The Nasdaq Composite’s recent record high was at the end of October, but subsequently rallies have been curbed as concerns about vast capex spending plans gripped investors.
Dan Hanbury, portfolio manager at asset manager NinetyOne, said: “What is weighing heavy on investors’ minds is how Nvidia can maintain its phenomenal growth rate now its core customers — the hyperscalers — are mostly depleting their cash flows [by] spending on AI-related capex.”
Other chipmakers also dropped alongside Nvidia. Broadcom was down 6.7 per cent in afternoon trading and Amsterdam-listed chip giant ASML closed 4.3 per cent lower.
Shares in groups that have been benefiting from the build-out in AI infrastructure also fell.

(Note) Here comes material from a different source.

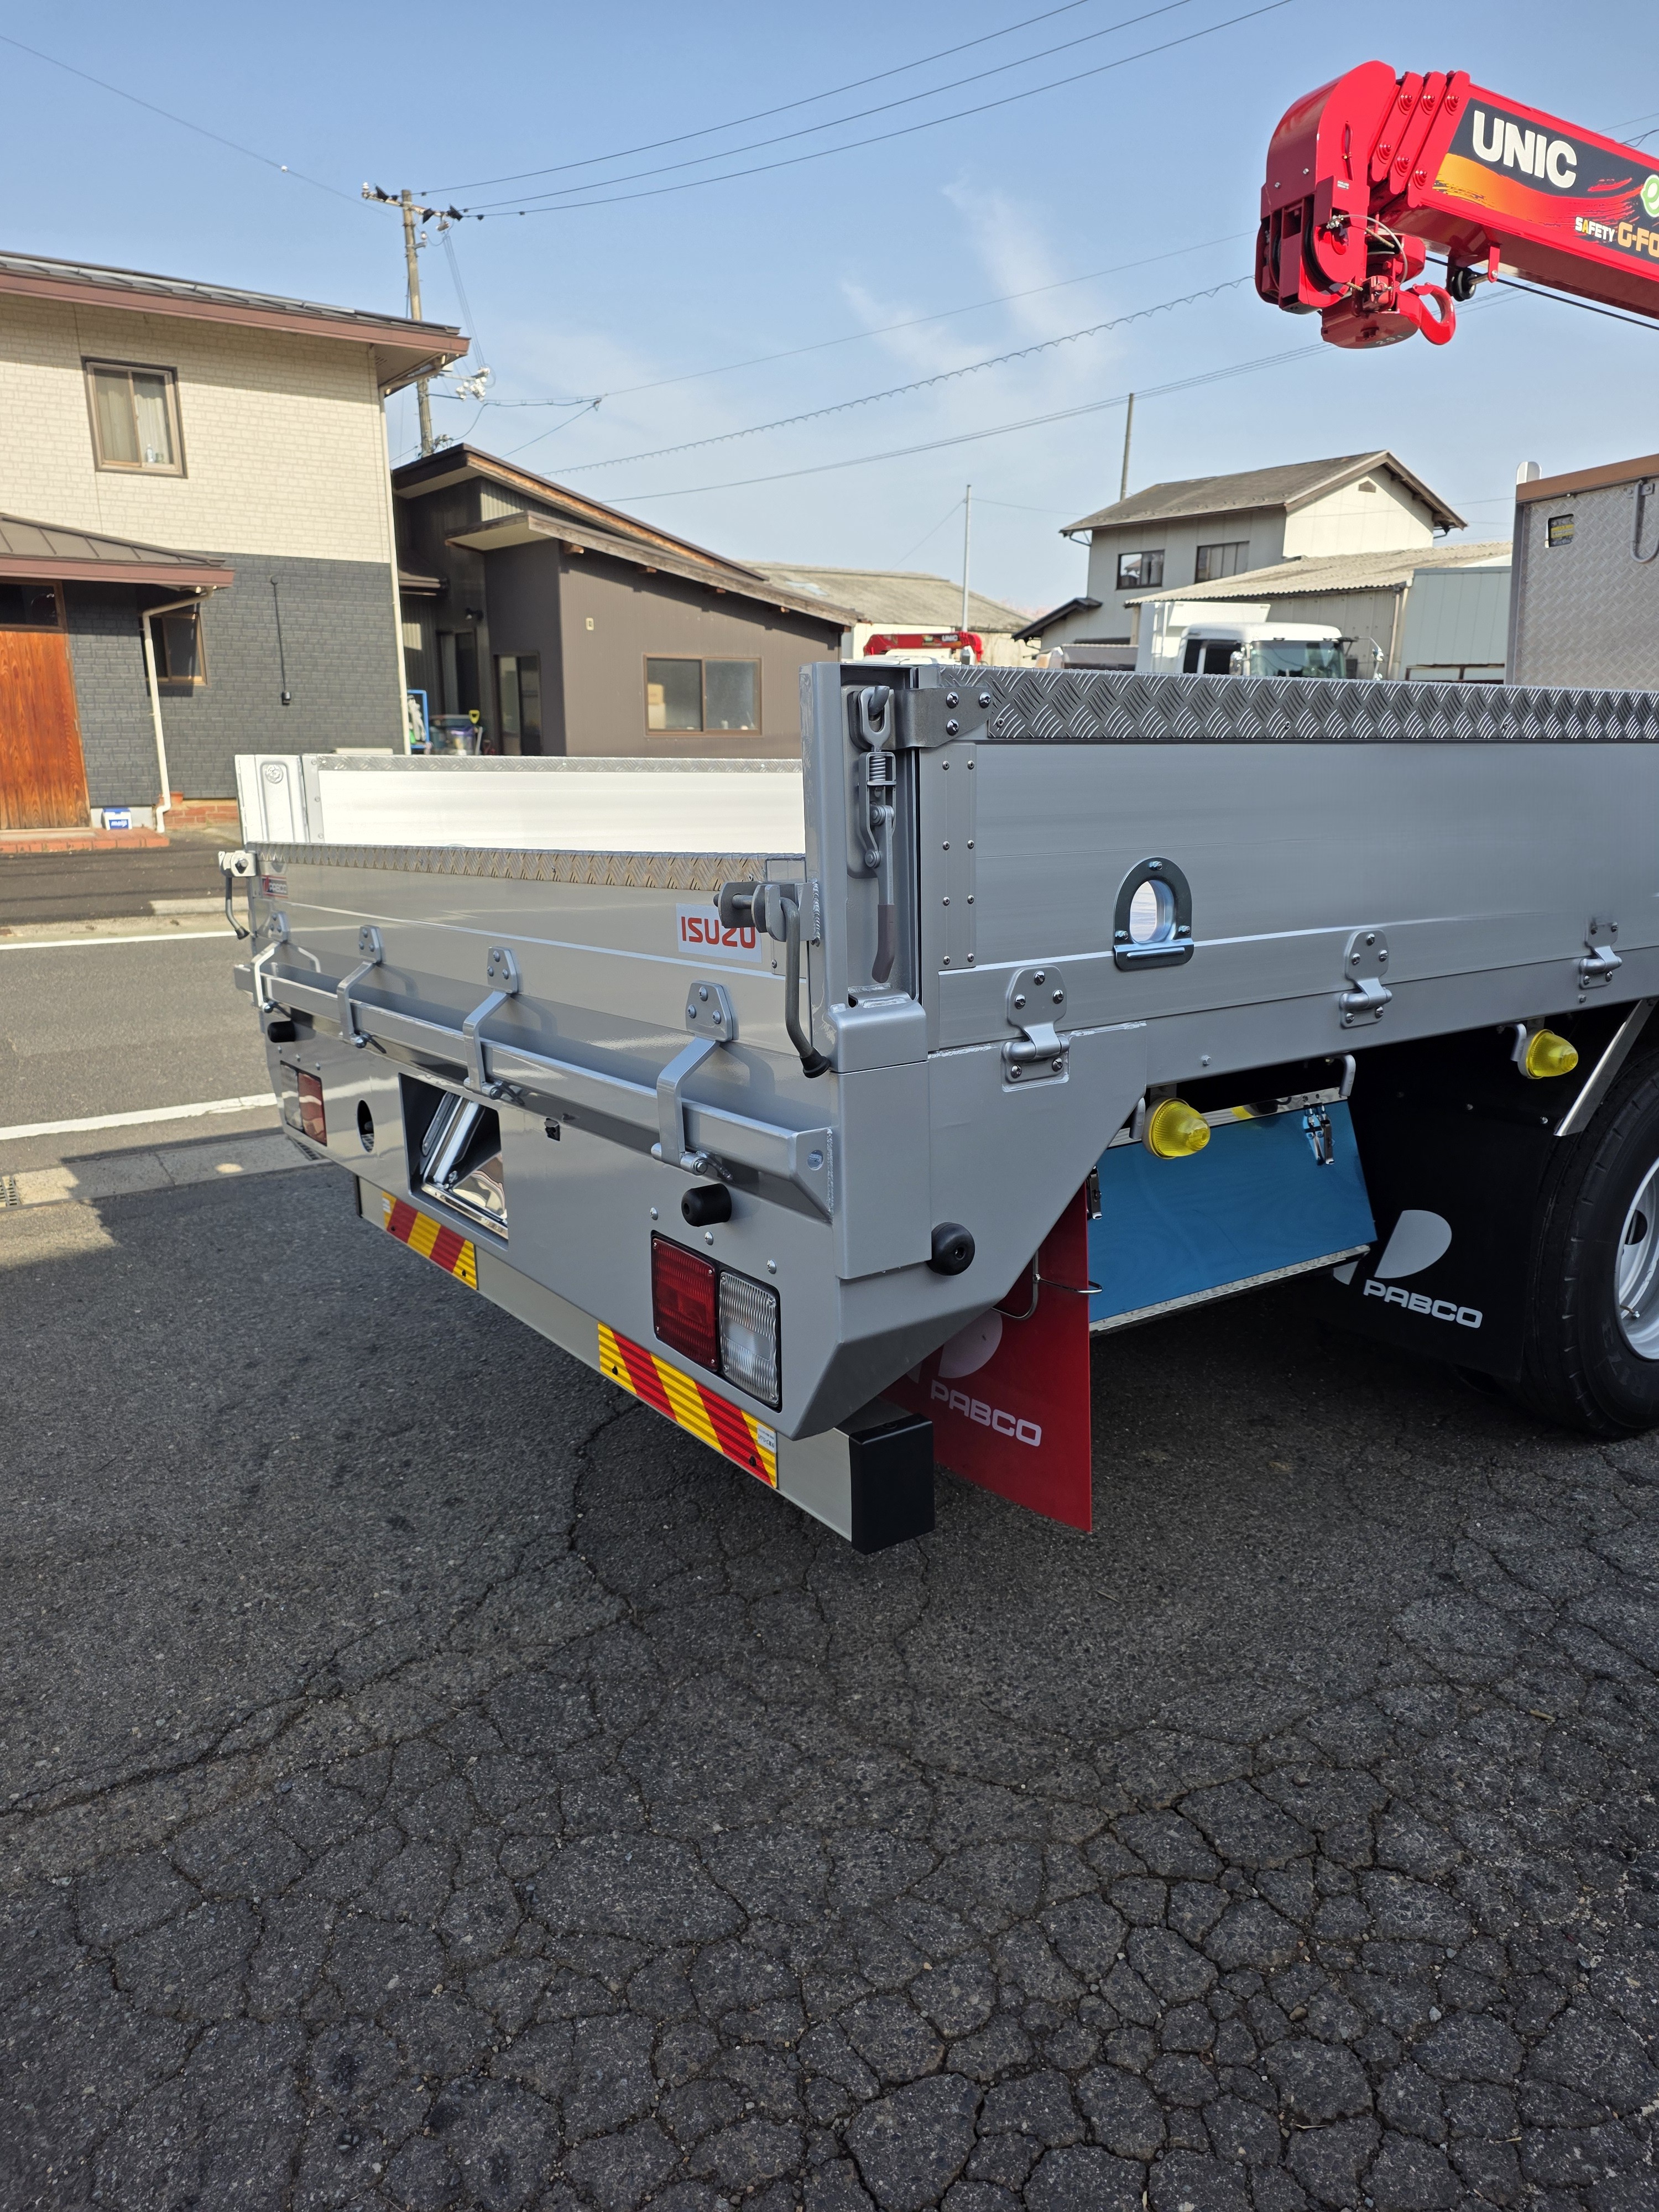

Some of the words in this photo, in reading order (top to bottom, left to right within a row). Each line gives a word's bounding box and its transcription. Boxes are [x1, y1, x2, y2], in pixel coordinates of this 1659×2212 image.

Lam Research and Applied Materials were each down more than 5 per cent, while server provider Super Micro Computer dropped more than 6 per cent. Memory groups Western Digital and Seagate Technology were down 5.7 per cent and 4.9 per cent, respectively.
“The debate has shifted away from near-term results and towards the sustainability of AI capex spending,” said Richard Clode, a tech portfolio manager at Janus Henderson.
Nvidia’s share price has struggled for momentum in recent months, while positive earnings revisions mean the company is now trading at “a significant discount to AI peers”, Clode continued.
Frank Lee, global head of tech hardware and semiconductor research at HSBC, said that while Nvidia’s results had beaten “even our bullish expectations”, there was a lack of “new narratives” about growth areas for the business.
Meanwhile, software stocks rallied on Thursday after coming under sustained pressure in recent weeks. Salesforce chief executive Marc Benioff has dismissed concerns of an AI-induced “SaaS-pocalypse” hitting the sector, even though the group’s outlook undershoot analyst expectations when it reported on Wednesday.
Salesforce was up 2 per cent in Thursday afternoon trading, while Gartner, Workday and CrowdStrike all added more than 2 per cent.